Notice in Figure 3 that I have renamed most of the attribute set for CLASS_EVALUATION. (I've circled the changes I made to the CLASS_EVALUATION table.) What was an intelligent, meaningful attribute name (Curriculum1) is now a meaningless label (Q1). To be honest, the rationale behind this change is self-preservation for the database team! The questionnaire-makers are continually tweaking and adjusting the questions on the form. In an effort to design a universal schema to hold the collected data, I used general attribute names. Granted, each time someone alters the questionnaire, a different set of data is collected, so the statistical analysis of data taken across two different questionnaires might be invalid.
So, why am I not satisfied with this design? Is it because, to get any information out of this model, I have to write at least a five-table join? For the end users, I could create a view that joins the five tables, but that approach doesn't resolve the performance overhead problems I'll encounter. Perhaps there's a better solution.

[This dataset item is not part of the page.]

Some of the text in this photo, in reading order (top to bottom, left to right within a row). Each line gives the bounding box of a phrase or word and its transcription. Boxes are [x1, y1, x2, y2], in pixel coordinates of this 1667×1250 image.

Figure 4 is a compromise ERD, a modification of Figure 3 that lets end users extract the information they require without more than a single-table select, yet provides the same, or higher, level of integration than the model in Figure 3 does. By including both the primary keys and the candidate keys of the dimension tables in CLASS_EVALUATION wherever possible, I've introduced meaning into the data in the fact table. The candidate keys (CourseCode, Venue, TermDscr, BldgCode), like the primary keys, are unique identifiers for their respective tables, but they're intelligent identifiers. Like all intelligent identifiers, they're subject to change with time (building code MRB might change to MRH if someone renames the Mary Reed Building Mary Reed Hall). Candidate keys are valuable because they contain inherent information in the form of codes, which can be useful to corporate decision-makers. By incorporating the candidate keys into the table schema for CLASS_EVALUATION, you introduce intelligence and meaning into the entity. And, even if a candidate key's value changes, the original relationships remain because the identity-type foreign keys bind them.

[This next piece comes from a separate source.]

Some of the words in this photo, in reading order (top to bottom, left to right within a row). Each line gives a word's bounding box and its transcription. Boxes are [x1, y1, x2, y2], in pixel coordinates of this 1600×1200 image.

I've introduced some redundancy into the design by adding VENUE, CAMPUS, COUNTRY, and COURSE to the list of dimension tables, thus shrinking the snowflake schema back to a star schema. Data modeling purists might argue that this design violates many principles of entity modeling and data normalization, and technically such purists are right. However, data modeling for the real world is often a compromise between the rules of absolute normalization and generating a database that performs within expectations.
In this model, faculty identification is still awkward. The set of faculty names in our organization is so large that duplicate last names and first-and-last-name combinations occur. I limited the reference to faculty in CLASS_EVALUATION to FacultyID, thus requiring a join between CLASS_EVALUATION and FACULTY to determine who taught which classes. This approach works for our organization from both an operational and a privacy perspective. Anyone who examines class evaluations won't be swayed by knowing who the instructor is unless that person joins the tables.
Integrating a questionnaire into an existing database isn't difficult, but you must approach it carefully. Borrowing from the star schema, or dimensional modeling, methodology to build the ERD and bending the rules of data normalization on the questionnaire entity can add information content and performance value to the data model.